→ EXERCISE GOAL:
Give all of the listing again word for word, with images excluded.

→ RECORDS TO USE:
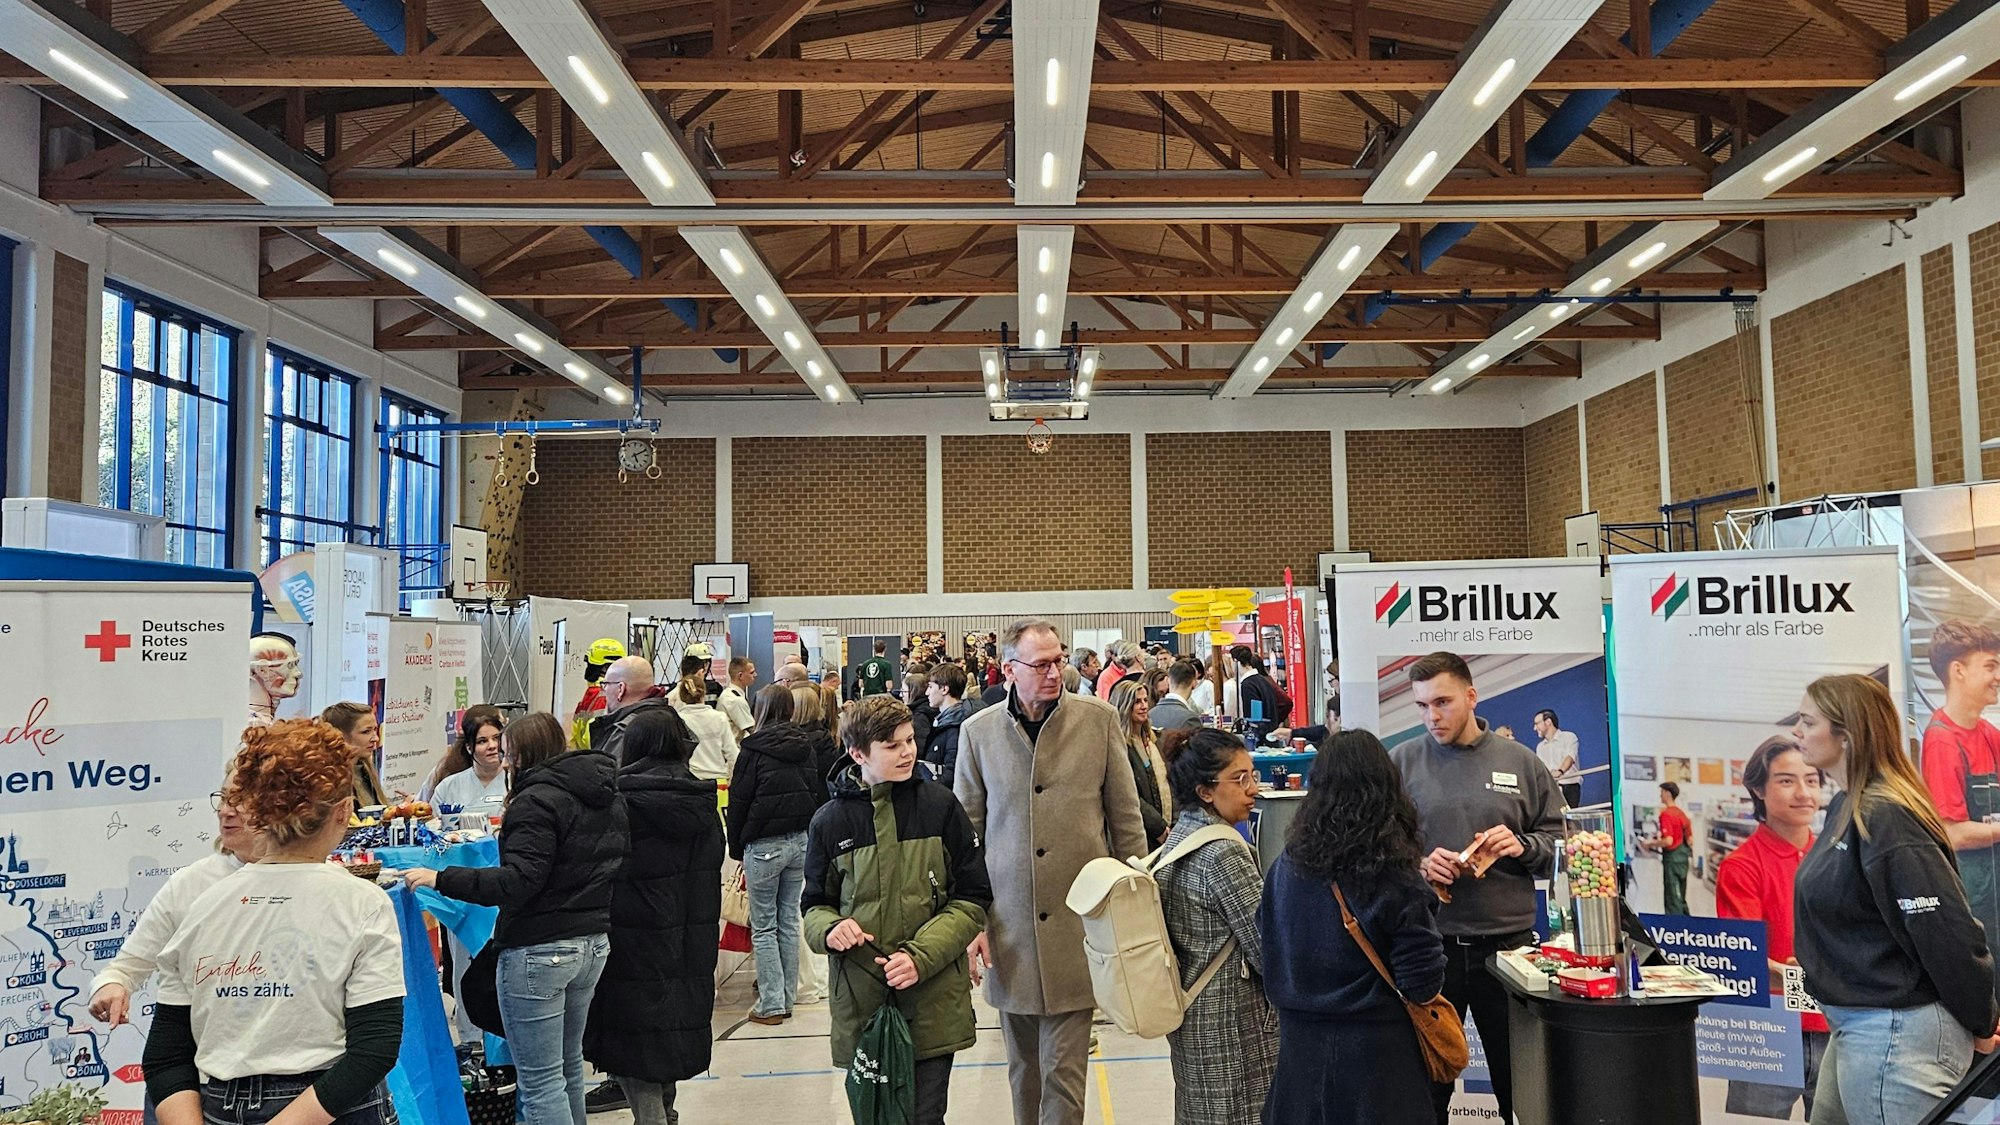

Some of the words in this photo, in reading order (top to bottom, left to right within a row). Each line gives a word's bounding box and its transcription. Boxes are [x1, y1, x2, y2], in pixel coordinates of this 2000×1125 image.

[1699, 574, 1855, 615] Brillux
[1419, 584, 1560, 622] Brillux
[142, 620, 225, 632] Deutsches
[1745, 621, 1769, 636] als
[1774, 620, 1824, 636] Farbe
[142, 635, 188, 647] Rotes
[1462, 628, 1485, 642] als
[1488, 626, 1533, 641] Farbe
[539, 635, 570, 655] Feuehr
[142, 649, 187, 661] Kreuz
[405, 654, 432, 665] AKADEMIE
[0, 770, 53, 794] en
[67, 759, 161, 791] Weg.
[1904, 896, 1940, 910] Brillux
[1651, 926, 1758, 951] Verkaufen.
[216, 986, 249, 997] was
[1730, 1018, 1747, 1029] bei
[1750, 1020, 1787, 1033] Brillux:
[1727, 1032, 1766, 1046] (m/w/d)
[1697, 1041, 1726, 1053] Groß-
[1728, 1047, 1748, 1055] und
[1750, 1048, 1786, 1059] Außen-
[76, 1064, 104, 1077] BONN
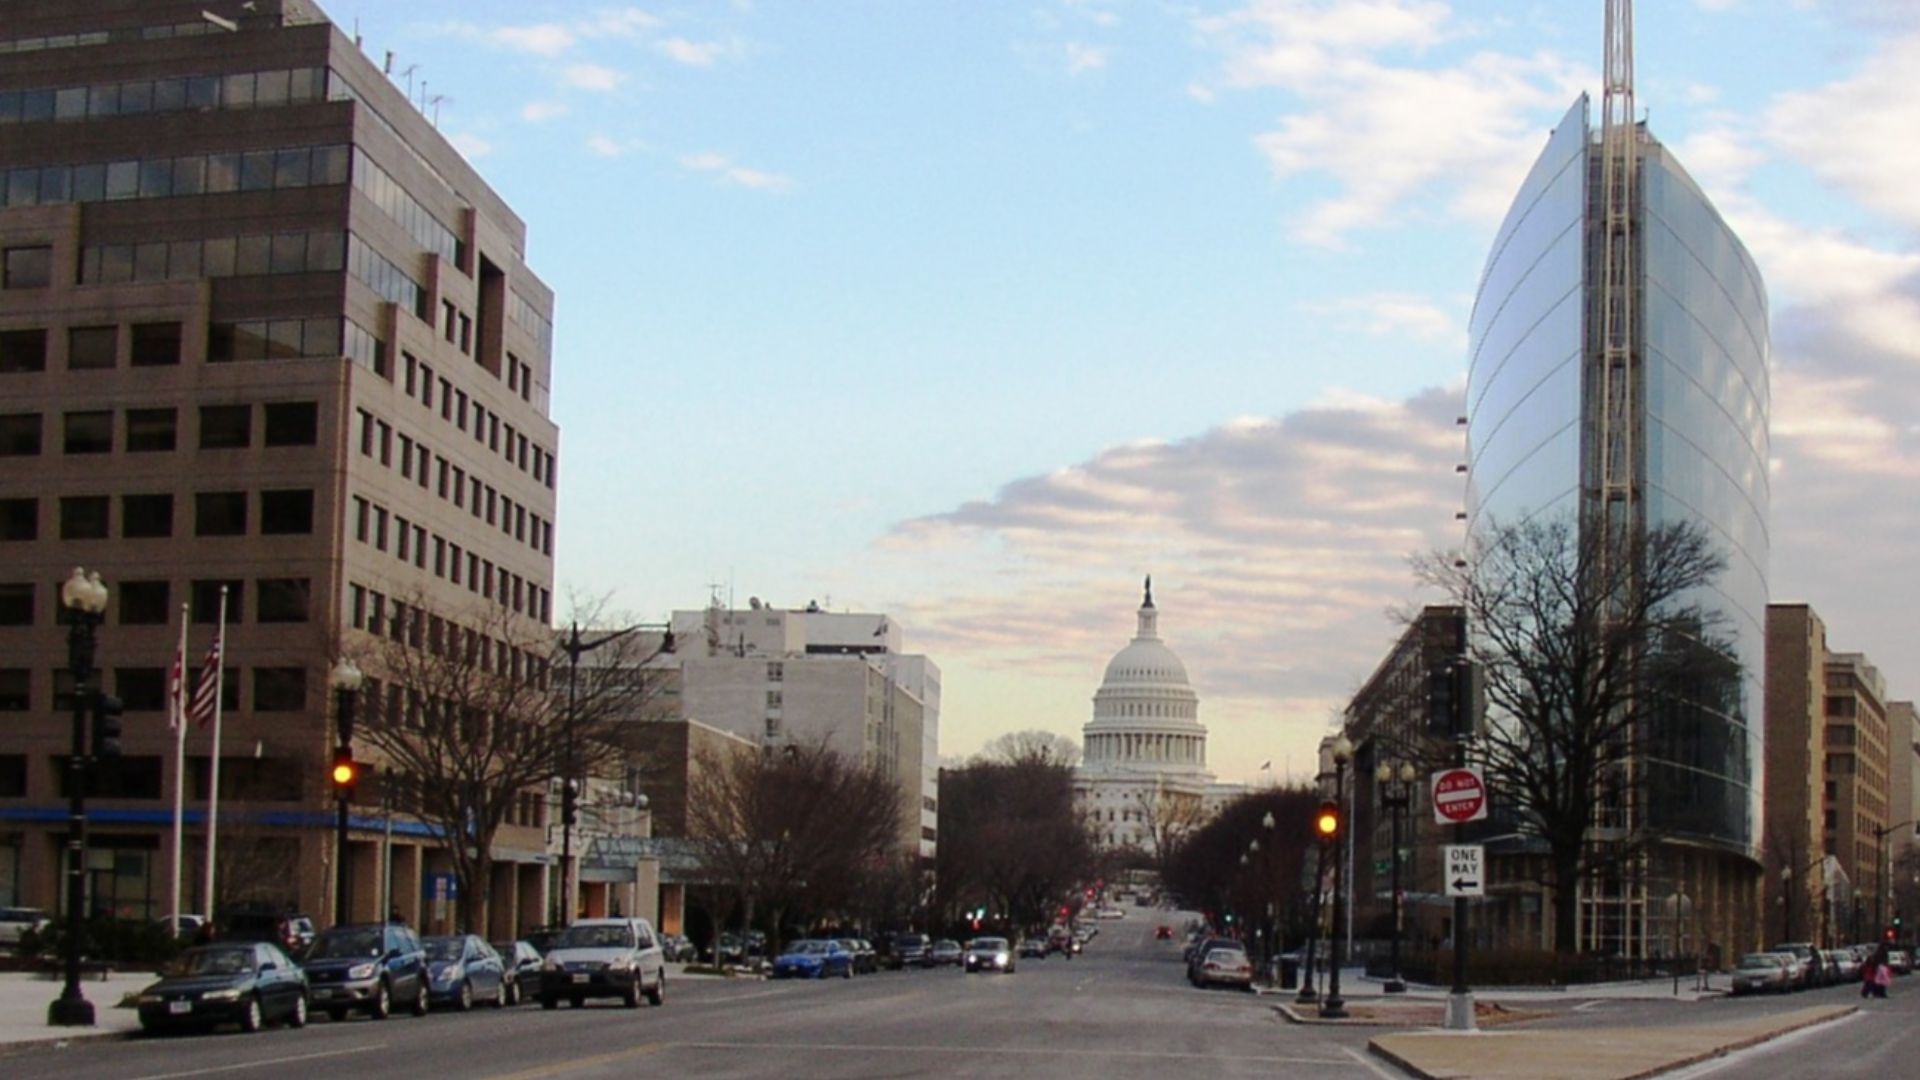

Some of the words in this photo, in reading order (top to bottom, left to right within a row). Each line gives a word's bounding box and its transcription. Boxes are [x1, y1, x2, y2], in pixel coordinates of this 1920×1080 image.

[1445, 801, 1474, 813] ENTER
[1451, 849, 1477, 861] ONE
[1451, 863, 1478, 875] WAY

→ ANSWER FOR THE TASK:
Some of the words in this photo, in reading order (top to bottom, left to right within a row). Each line gives a word's bounding box and its transcription. Boxes are [x1, y1, x2, y2], in pixel coordinates of this 2000×1125 image.

[1699, 574, 1855, 615] Brillux
[1419, 584, 1560, 622] Brillux
[142, 620, 225, 632] Deutsches
[1745, 621, 1769, 636] als
[1774, 620, 1824, 636] Farbe
[142, 635, 188, 647] Rotes
[1462, 628, 1485, 642] als
[1488, 626, 1533, 641] Farbe
[539, 635, 570, 655] Feuehr
[142, 649, 187, 661] Kreuz
[405, 654, 432, 665] AKADEMIE
[0, 770, 53, 794] en
[67, 759, 161, 791] Weg.
[1904, 896, 1940, 910] Brillux
[1651, 926, 1758, 951] Verkaufen.
[216, 986, 249, 997] was
[1730, 1018, 1747, 1029] bei
[1750, 1020, 1787, 1033] Brillux:
[1727, 1032, 1766, 1046] (m/w/d)
[1697, 1041, 1726, 1053] Groß-
[1728, 1047, 1748, 1055] und
[1750, 1048, 1786, 1059] Außen-
[76, 1064, 104, 1077] BONN

Some of the words in this photo, in reading order (top to bottom, left to right within a row). Each line gives a word's bounding box and its transcription. Boxes are [x1, y1, x2, y2], in pixel coordinates of this 1920×1080 image.

[1445, 801, 1474, 813] ENTER
[1451, 849, 1477, 861] ONE
[1451, 863, 1478, 875] WAY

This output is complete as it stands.